**MATERIAL FOR THIS TASK:**
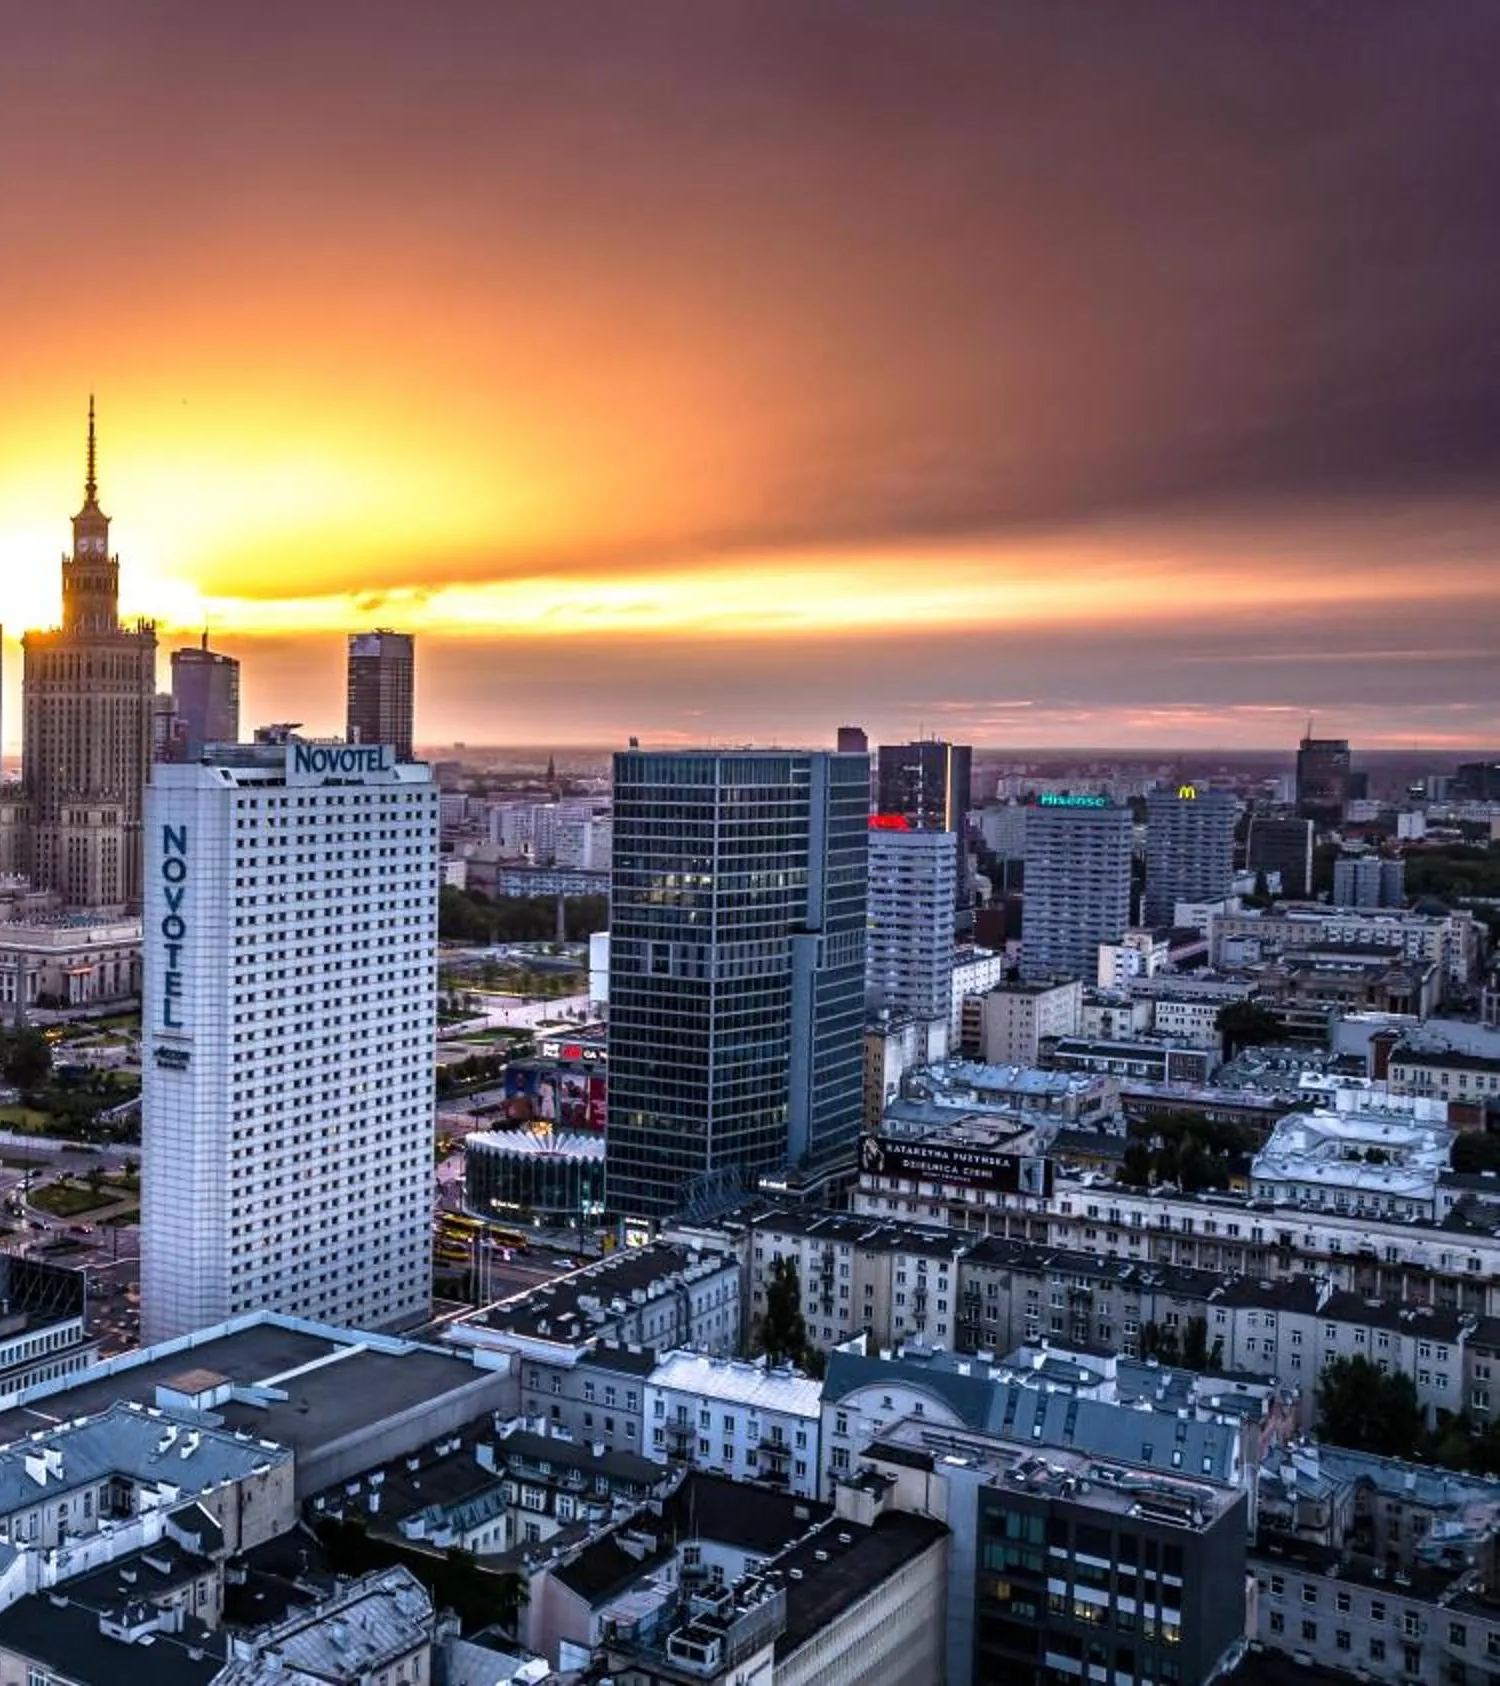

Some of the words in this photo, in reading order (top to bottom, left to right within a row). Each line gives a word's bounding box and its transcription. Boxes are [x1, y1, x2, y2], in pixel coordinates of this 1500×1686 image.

[295, 745, 390, 773] NOVOTEL
[1041, 792, 1105, 807] Hisense
[161, 824, 187, 1028] NOVOTEL
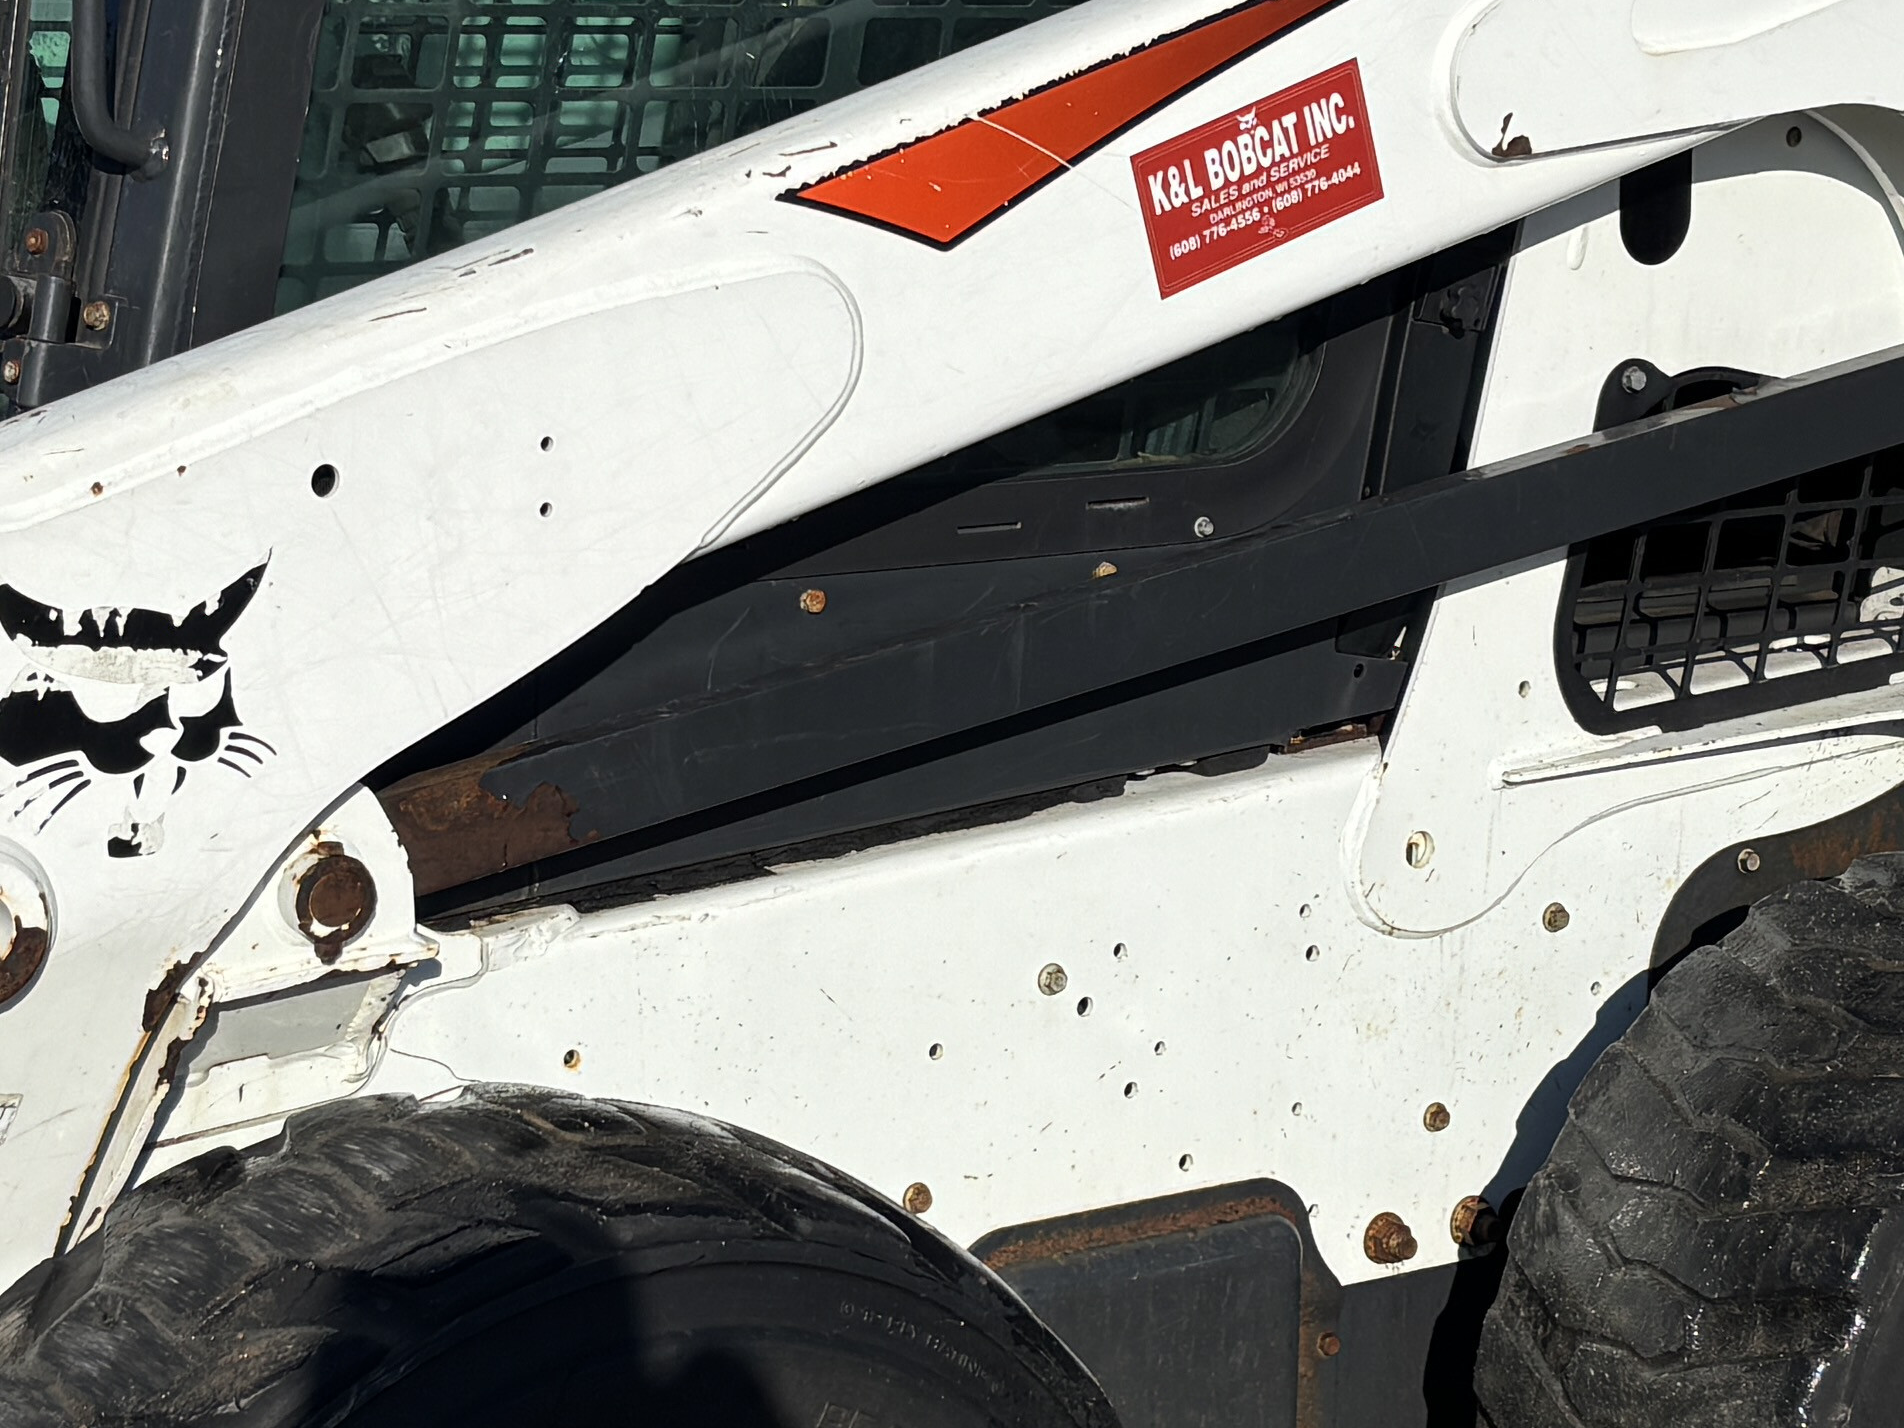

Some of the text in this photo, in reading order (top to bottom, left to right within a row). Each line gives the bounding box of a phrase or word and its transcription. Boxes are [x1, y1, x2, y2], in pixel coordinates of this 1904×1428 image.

[1148, 92, 1355, 215] K&L BOBCAT INC.
[1191, 143, 1330, 217] SALES and SERVICE
[1169, 161, 1361, 260] (608) 776-4556 (608) 776-4044
[1209, 190, 1275, 224] DARLINGTON,
[1276, 180, 1289, 194] WI

**AIM OF THE EXERCISE:** Without the images, print all of the lines above exactly.

**ANSWER TO THIS PROBLEM:**
Some of the words in this photo, in reading order (top to bottom, left to right within a row). Each line gives a word's bounding box and its transcription. Boxes are [x1, y1, x2, y2], in pixel coordinates of this 1500×1686 image.

[295, 745, 390, 773] NOVOTEL
[1041, 792, 1105, 807] Hisense
[161, 824, 187, 1028] NOVOTEL

Some of the text in this photo, in reading order (top to bottom, left to right within a row). Each line gives the bounding box of a phrase or word and its transcription. Boxes are [x1, y1, x2, y2], in pixel coordinates of this 1904×1428 image.

[1148, 92, 1355, 215] K&L BOBCAT INC.
[1191, 143, 1330, 217] SALES and SERVICE
[1169, 161, 1361, 260] (608) 776-4556 (608) 776-4044
[1209, 190, 1275, 224] DARLINGTON,
[1276, 180, 1289, 194] WI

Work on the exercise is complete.